The first alarm went out on 14 December, CSA (Cyber Security Agency) of Singapore warned "critical vulnerability," when compromised successfully, lets a hacker take full access to compromised servers. "A briefing session also was held on Friday with trade associations and chambers to highlight the severity of the Log4j vulnerability and urgency for all organizations, including small and midsize businesses (SMBs), to immediately deploy mitigation measures," reports ZD Net. It also mentioned that there was only a small window opportunity to execute mitigation actions and organizations should do it immediately.
CSA mentioned that alerts were sent out to CII sector leads and businesses, telling them to immediately update their systems with the latest security patches. The government agency was working in collaboration with these CII representatives to take out damage control measures. The cybersecurity bill of Singapore includes 11 critical information infrastructure (CII) sectors, which allows local agencies to take proactive measures to safeguard these CIIs.
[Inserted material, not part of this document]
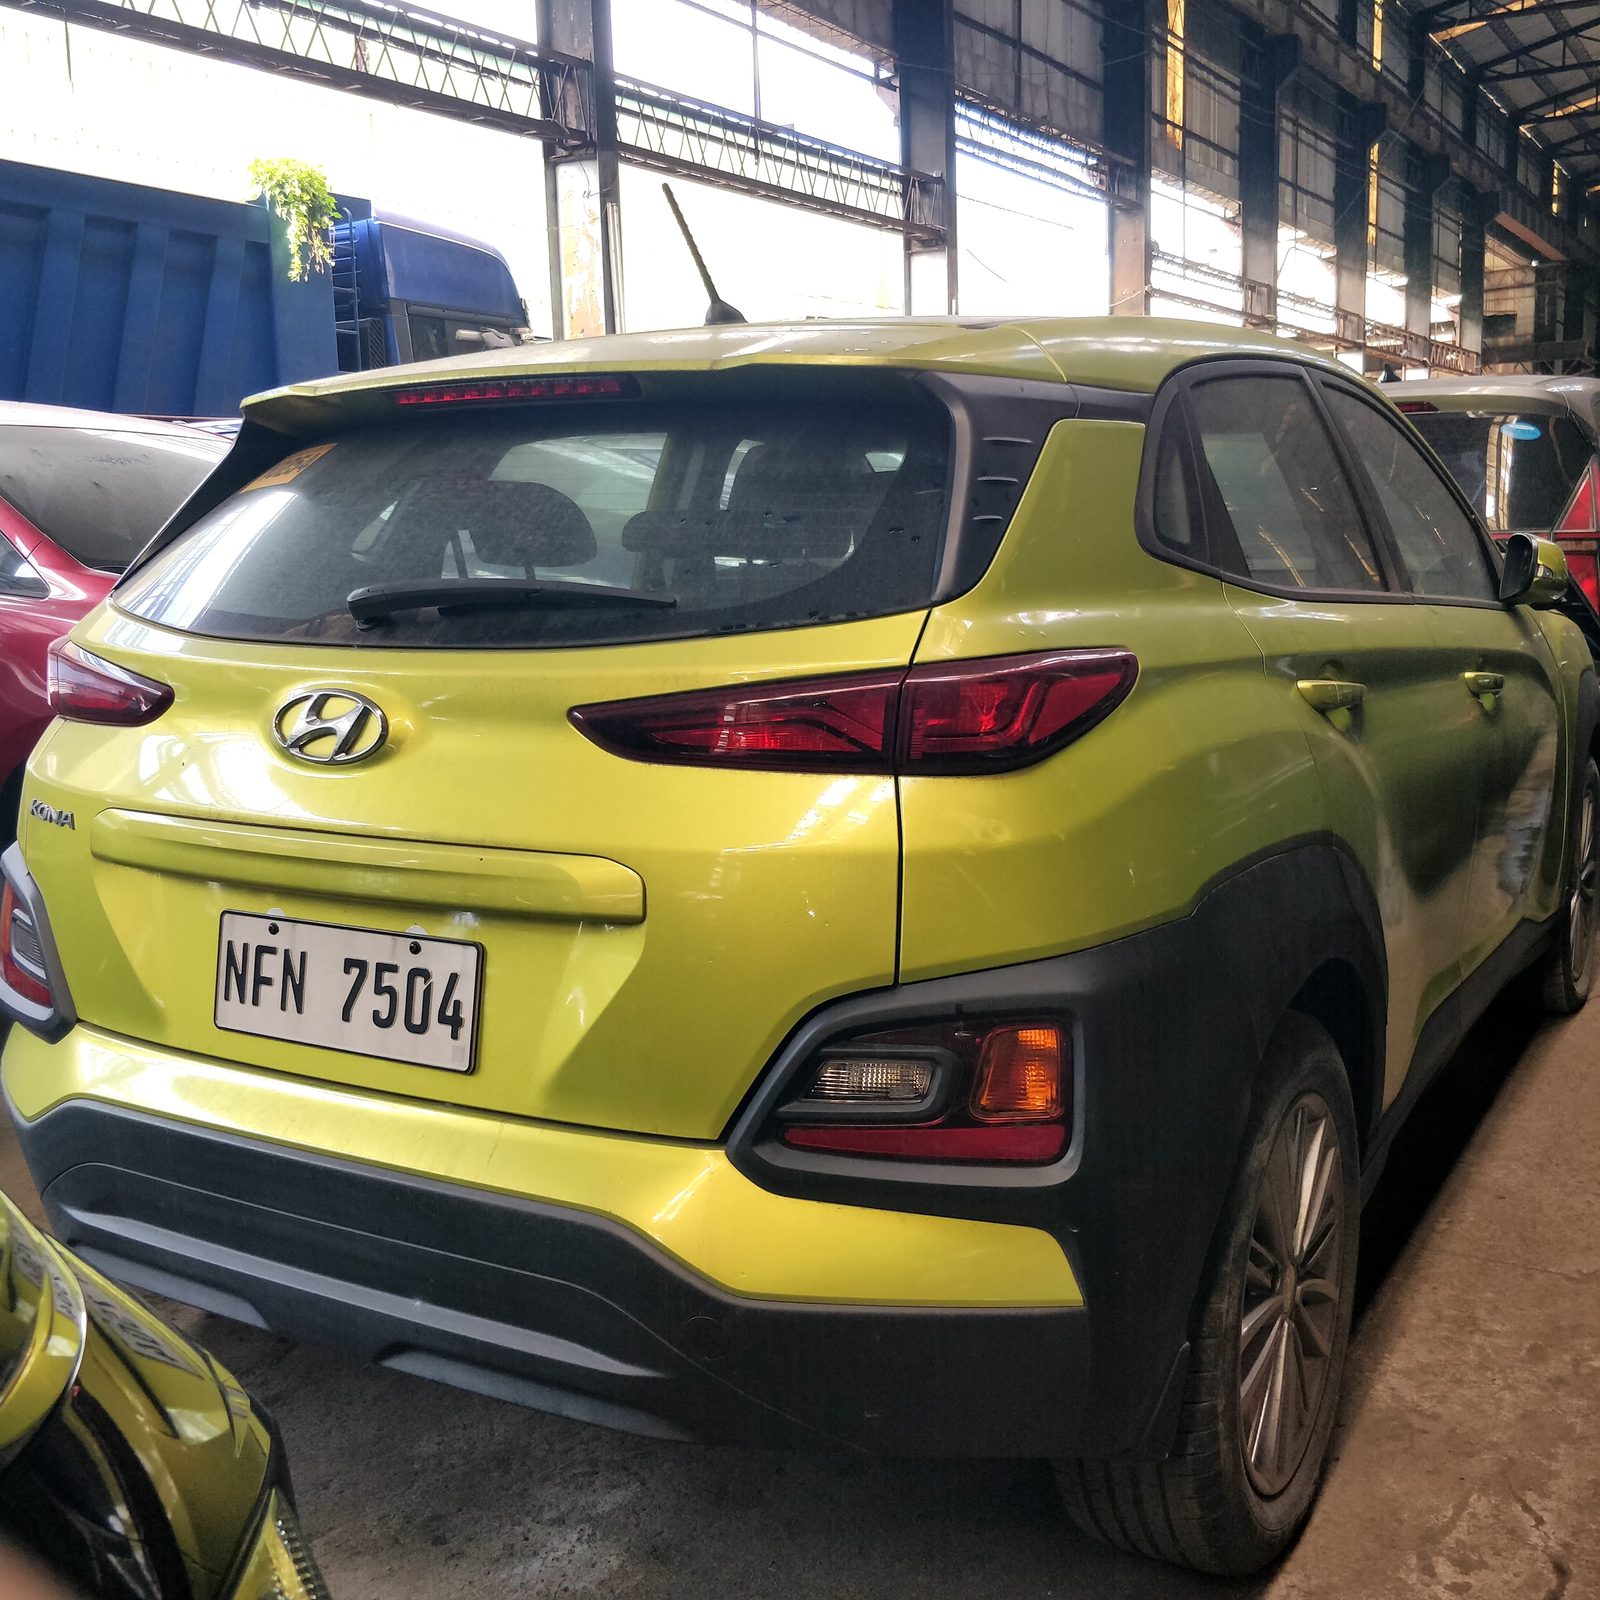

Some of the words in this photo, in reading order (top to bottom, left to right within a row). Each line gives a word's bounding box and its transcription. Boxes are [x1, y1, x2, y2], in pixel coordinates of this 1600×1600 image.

The bill highlights a regulatory framework that formalises the duties of CII providers in protecting systems under their accountability, which includes both before and after cybersecurity incidents. These 11 "essential services" also include water, healthcare, energy, aviation and, banking, and finance. As of now, no Log4j related breaches have been reported, after the CSA issued an alert on December 14th. According to ZD Net, "CSA on Friday issued another update, raising the alert on the security flaw. It noted that because Log4j was widely used by software developers."